Pisa nel difensore serbo evoca ricordi bellissimi. "Posso affermare senza esitazioni che a Pisa ho trascorso i due anni più belli della mia carriera, e a livello personale sono maturato tantissimo avendo avuto la fortuna di conoscere persone molto importanti per me". "Ogni domenica allo stadio era uno spettacolo - prosegue Golubovic - la passione e l'attaccamento che i tifosi dimostravano non l'ho mai provata da nessun'altra parte". "Giocare per il Pisa è una fortuna".

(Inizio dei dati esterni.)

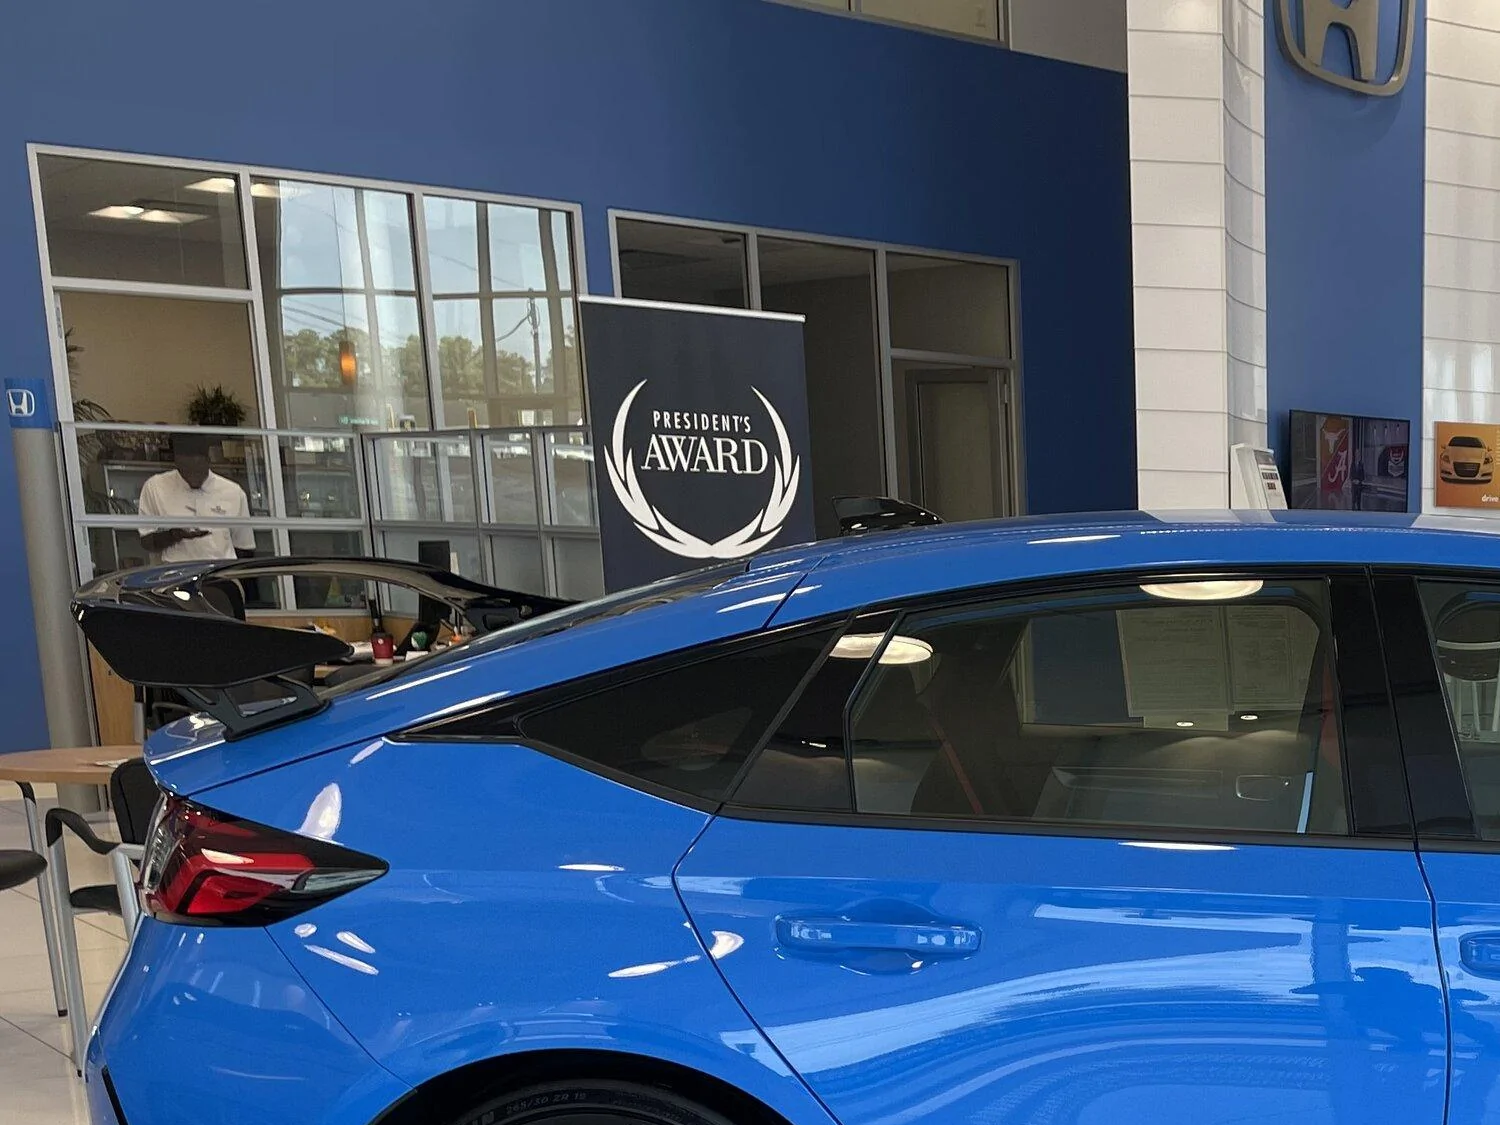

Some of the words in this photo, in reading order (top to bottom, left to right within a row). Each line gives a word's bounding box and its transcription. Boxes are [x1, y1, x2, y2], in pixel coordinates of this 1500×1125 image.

[652, 410, 751, 433] PRESIDENT'S
[640, 433, 769, 475] AWARD
[1481, 493, 1499, 503] drive

In due anni Golubovic è passato dalla gioia per la promozione in B al campionato cadetto travagliato dai problemi societari, concluso con la retrocessione in Serie C. "Il ricordo della retrocessione fa ancora male - spiega - purtroppo la situazione al termine della stagione era irrecuperabile. Ma già essere arrivati a giocarci la permanenza in Serie B fino a poche partite dalla fine è stato un miracolo per come avevamo iniziato quella stagione". "Con la vecchia società non funzionava niente, eravamo completamente soli". "Soltanto grazie alla presenza di mister Gattuso e al suo staff siamo riusciti a rimanere tutti uniti remando fino in fondo dalla stessa parte. Senza di lui probabilmente ci saremmo sfasciati molto prima".

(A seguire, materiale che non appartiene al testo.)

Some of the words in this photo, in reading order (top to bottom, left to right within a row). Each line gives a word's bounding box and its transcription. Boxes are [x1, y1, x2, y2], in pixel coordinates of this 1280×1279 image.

"Anche nel campionato precedente - continua il difensore serbo - il carisma del mister avevano fatto la differenza. Centrammo un risultato incredibile grazie ad un'unione di forze totale". E parlando proprio di Gennaro Gattuso, Golubovic svela che "onestamente mi aspettavo una sua carriera così veloce. Ha tutto per diventare un grande allenatore: dall'esperienza passata come campione in campo, alla preparazione come tecnico. Inoltre è contornato da uno staff di primissimo livello, che fa lavorare la squadra al massimo delle potenzialità". "E' una persona dal cuore grande, che dà tutto ai suoi giocatori - continua - ma ovviamente chiede indietro il massimo dell'impegno. Sono sicuro che continuerà a crescere anche come mister ottenendo molti successi". I contatti con i ragazzi che componevano quella squadra sono ancora intensi: "Mi sento sempre con quasi tutta la squadra. Eravamo amici oltre che compagni. Condividevamo praticamente tutto, e anche oggi non passano troppi giorni senza che ci telefoniamo o scambiamo qualche messaggio".

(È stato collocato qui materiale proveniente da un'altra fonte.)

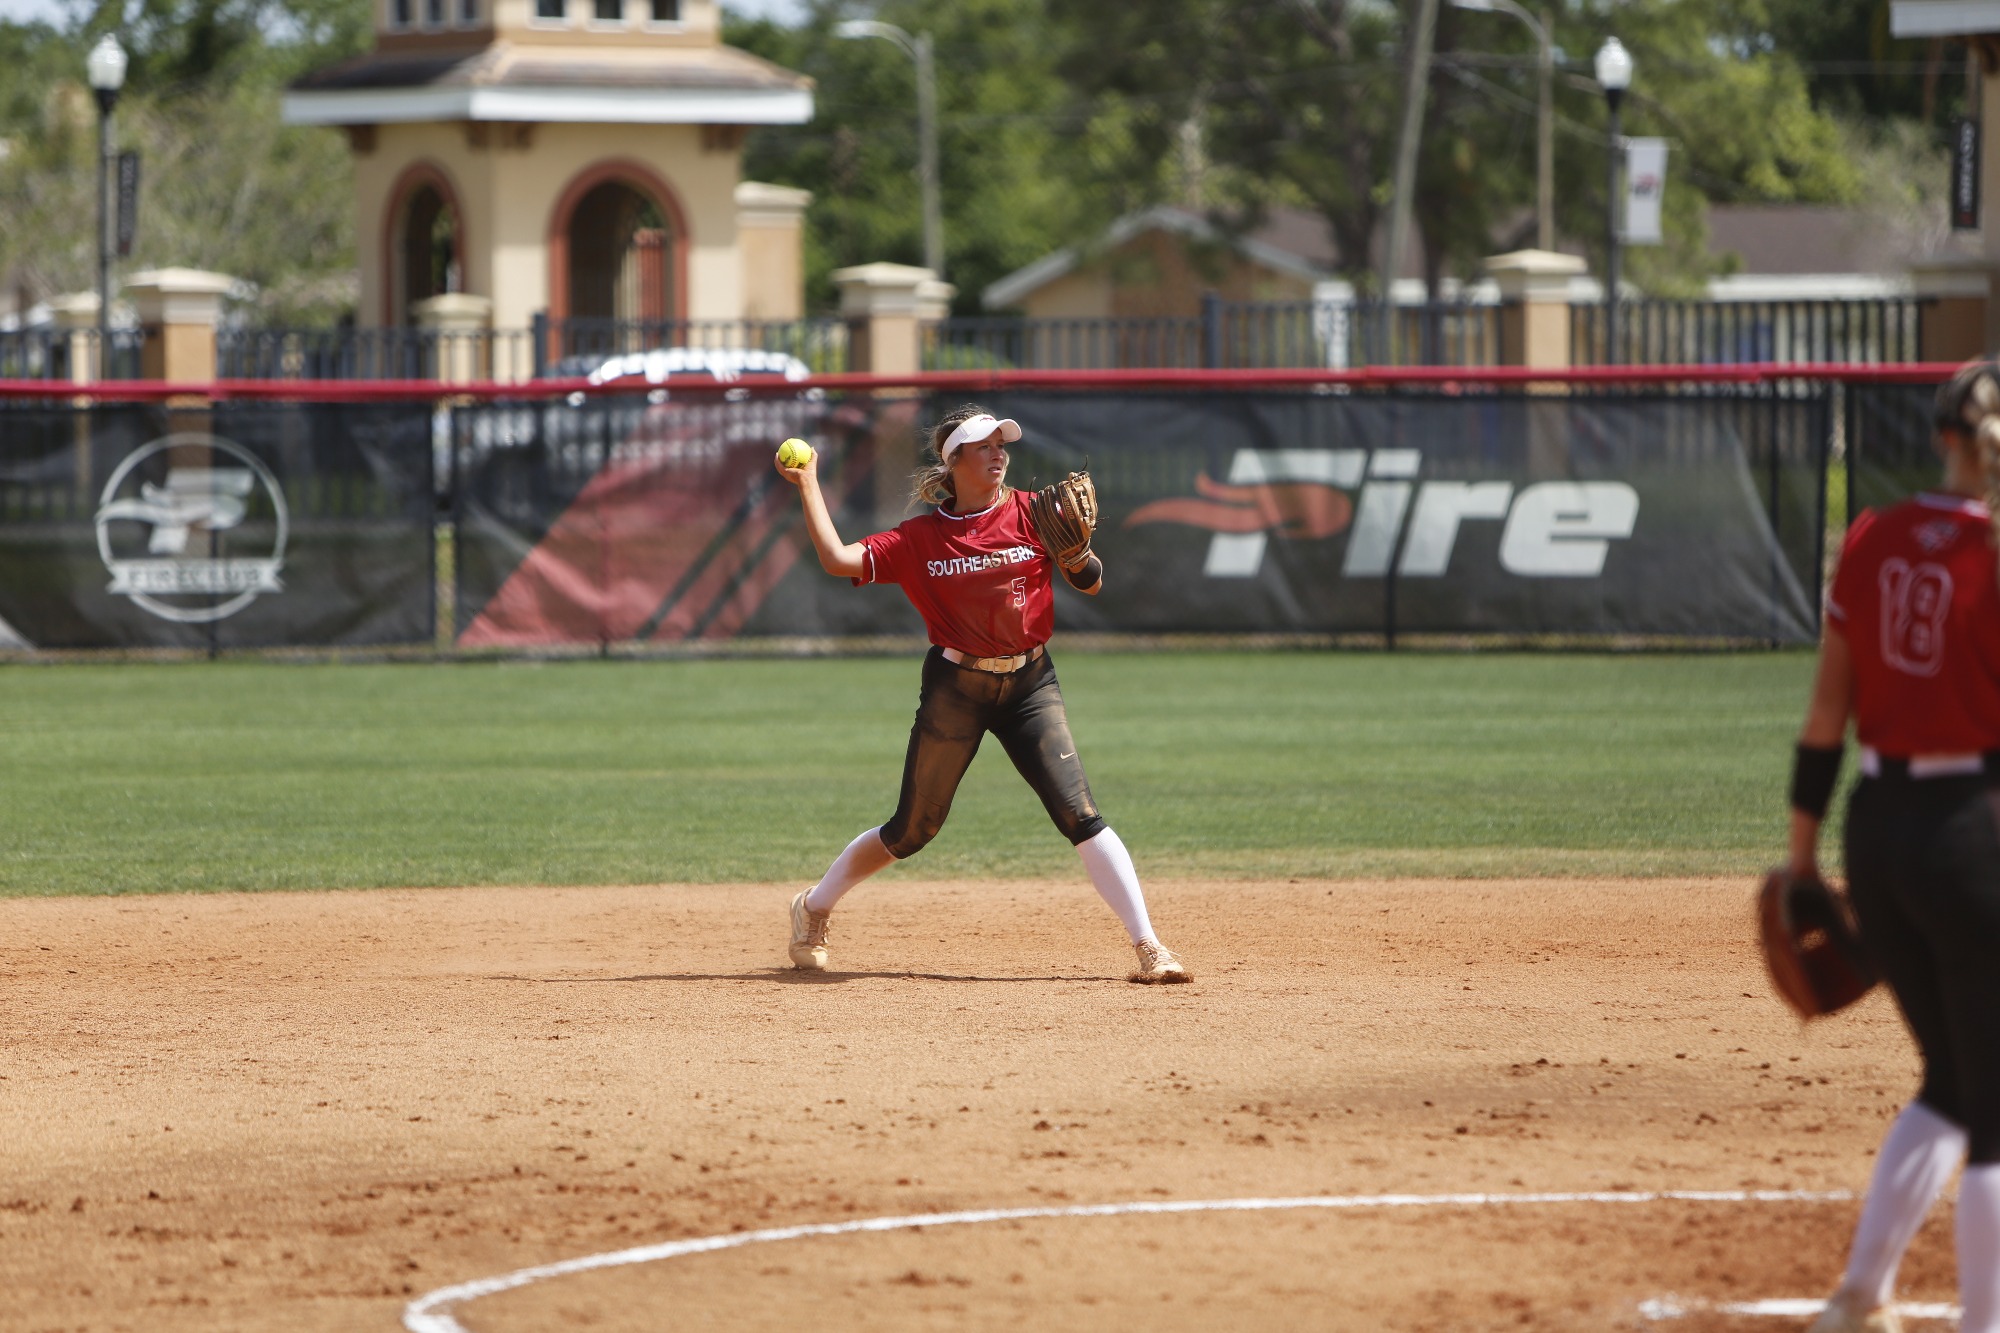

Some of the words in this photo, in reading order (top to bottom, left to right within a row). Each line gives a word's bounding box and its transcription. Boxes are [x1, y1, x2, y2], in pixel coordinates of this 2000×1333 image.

Prima di approdare a Pisa nell'estate del 2015, Golubovic aveva disputato una stagione a Pistoia. "Fu un bell'anno anche quello. Nel campionato precedente avevo disputato quattro spezzoni con il Novara, per cui si può dire che la Pistoiese è stata il mio battesimo nel calcio vero. Ero molto giovane, e ho potuto giocare con continuità in una squadra con degli ottimi valori tecnici e un grande rapporto umano". "Ci salvammo alle ultime giornate - commenta - perché durante il cammino incontrammo qualche difficoltà. Ma fu comunque una bella annata, della quale conservo ricordi positivi sia della società che dell'ambiente".

Adesso Petar Golubovic gioca nella Serie A belga, con il Kortrijk. "Quando sono arrivato ho giocato titolare per un paio di partite. Poi per scelta tecnica ho trascorso qualche gara in panchina e adesso gradualmente sto ritrovando il campo. Sono felice e sono contento di potermi misurare con una realtà completamente diversa dall'Italia". Diversa in meglio? "Non direi così. Semplicemente qui in Belgio il calcio è inteso in un modo differente. Difficilmente le partite terminano 1-0. C'è molta più libertà a livello tattico, e quindi le squadre giocano sempre a viso aperto. Per gli spettatori forse è più divertente, ma dal punto di vista di un difensore come me si impara meno. L'Italia, a qualsiasi livello, è il top per chiunque giochi in difesa". "In Belgio viene data molta più importanza all'aspetto fisico: bisogna essere sempre al top perché altrimenti si fa fatica contro chiunque".

In chiusura Golubovic dedica un pensiero al Pisa e ai suoi tifosi: "Vorrei salutarvi tutti, uno per uno, e ringraziarvi per gli splendidi ricordi che mi avete lasciato. A Pisa c'è un pezzo del mio cuore: vi abbraccio e vi dico che vi voglio bene".